QUESTIONS: Suicide
Obviously this is a very big subject and I can’t begin to cover it so I will just address suicide in relation to end of life issues.
I've come to believe that most people who have been told they can’t be fixed, in the months before the dying process begins, will think about suicide. Yet very few people actually follow through with those thoughts. I think those thoughts of ending our life originate from the fears of what life will be like from this point until death occurs. “I am more afraid of this final act of living than I am of being dead. ”We fear the idea of pain, of loss of control, of debilitation, of humiliation and indignities, of isolation, and ultimately of the unknown.

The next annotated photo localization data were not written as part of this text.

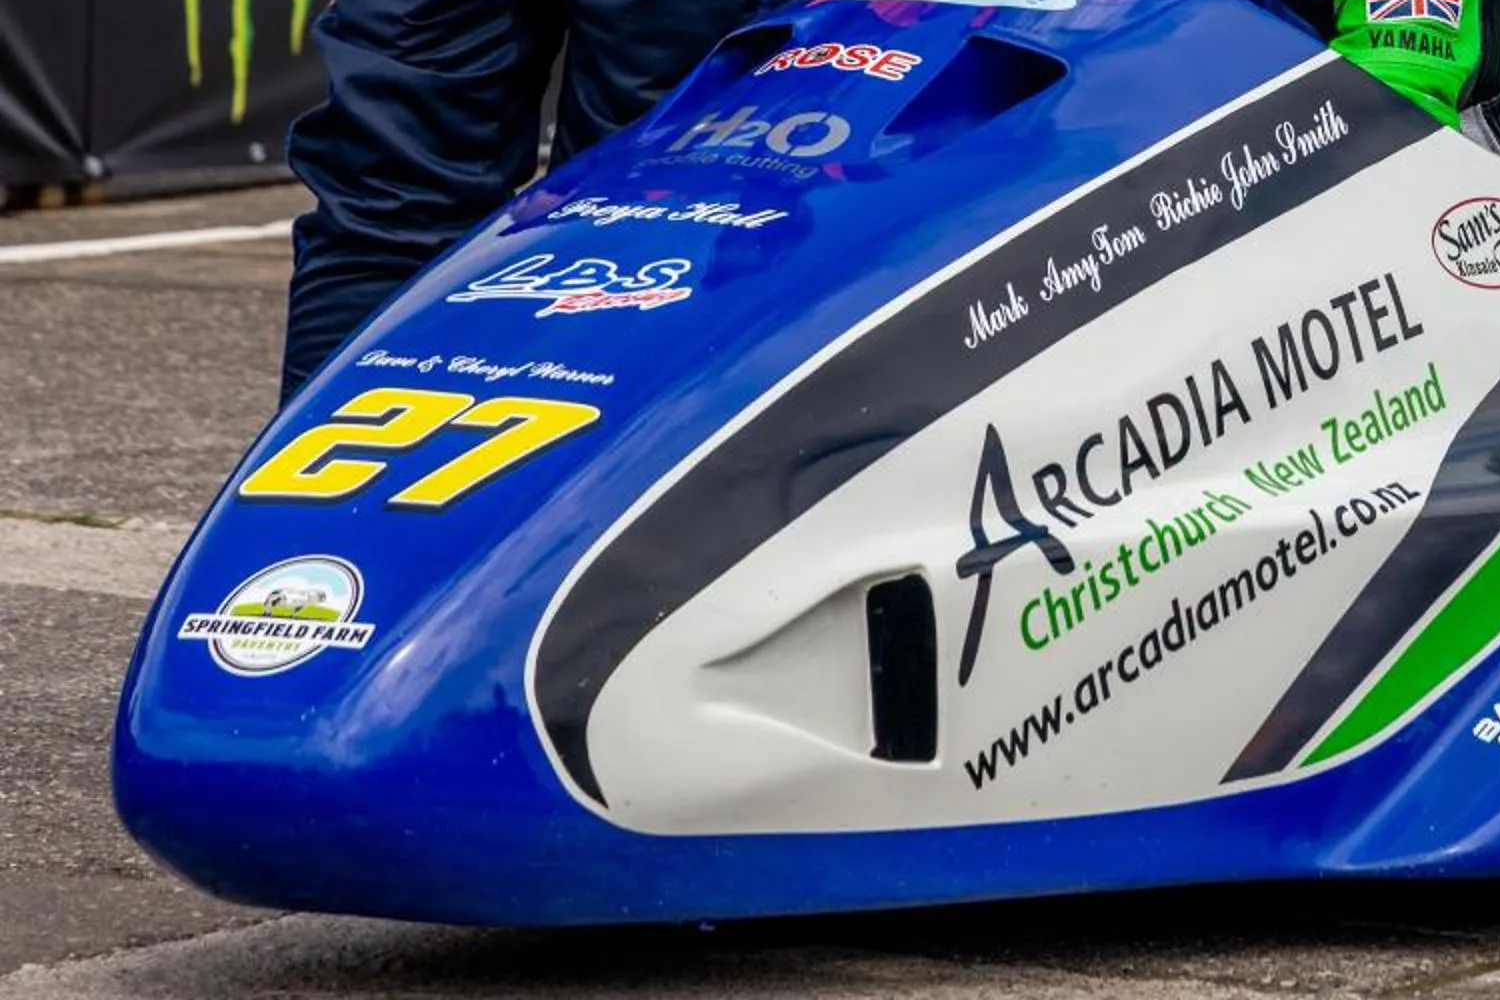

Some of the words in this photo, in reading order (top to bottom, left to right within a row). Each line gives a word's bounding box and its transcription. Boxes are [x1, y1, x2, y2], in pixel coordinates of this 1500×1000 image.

[754, 42, 923, 82] ROSE
[1368, 29, 1456, 61] YAMAHA
[666, 105, 851, 157] H2O
[725, 154, 819, 179] cutting
[667, 203, 790, 230] Hall
[964, 281, 1029, 350] Mark
[1039, 256, 1102, 294] Amy
[1090, 223, 1147, 266] Tom
[1149, 175, 1224, 232] Richie
[1219, 143, 1281, 212] John
[1274, 99, 1350, 167] Smith
[446, 253, 692, 303] LBS
[1250, 273, 1425, 410] MOTEL
[236, 385, 601, 513] 27
[1019, 488, 1254, 653] Christchurch
[1242, 443, 1327, 498] New
[1320, 361, 1448, 466] Zealand
[183, 618, 308, 640] SPRINGFIELD
[311, 625, 370, 644] FARM
[964, 479, 1421, 791] www.arcadiamotel.co.nz
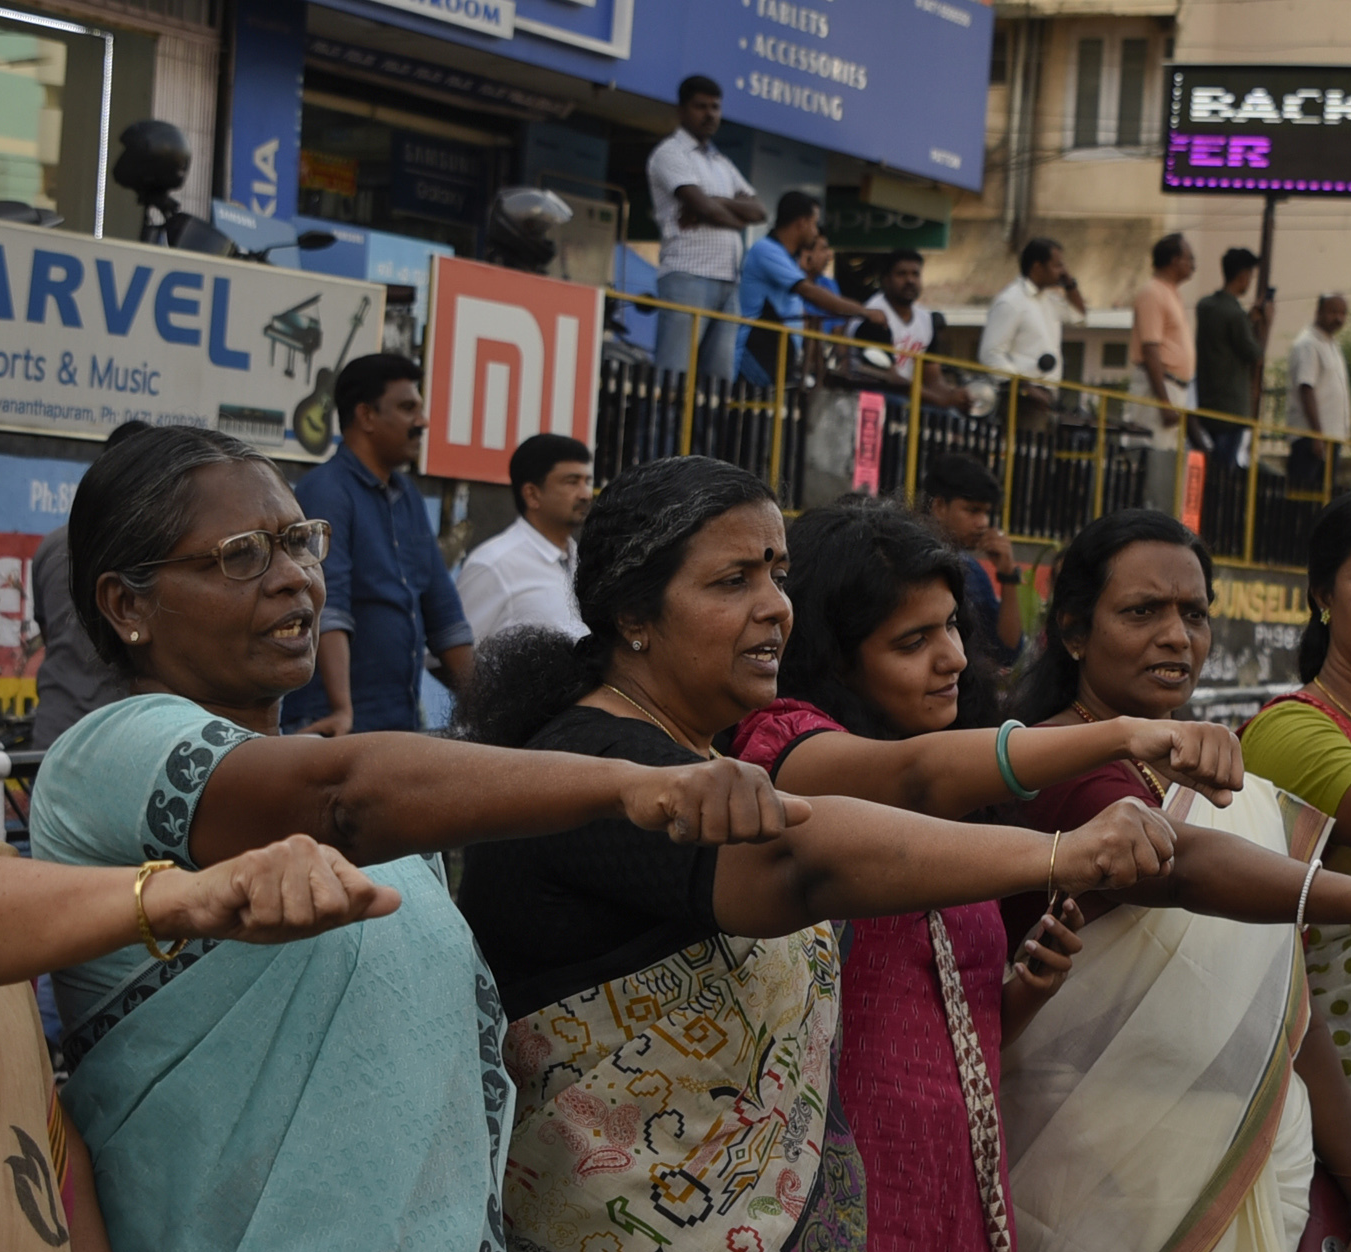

When I think a person is having these thoughts and fears I start addressing the specific fears: No one has to die in pain today; we will keep you mobile and active as long as you have the desire (It may not be active as you know it today but we will help you get your needs and wants met); you are the boss, the keeper and director of your destiny; your dignity will be respected at all times. You are a human being, not a disease and we honor that. You are not alone, ask anything, let’s keep the doors of communication open and I can tell you what it is like to die if you ask me. You will probably sleep through the actual experience. In the weeks before death you will be withdrawn, have turned inward and sleeping most of the time. Your focus will no longer be on this outer world, most will just seem like a dream.
Thinking about suicide is a normal reaction to being told we can’t be fixed. Communication, talking openly about it and the fears initiating those thoughts, neutralizes some of the fear we will all bring to our final challenge.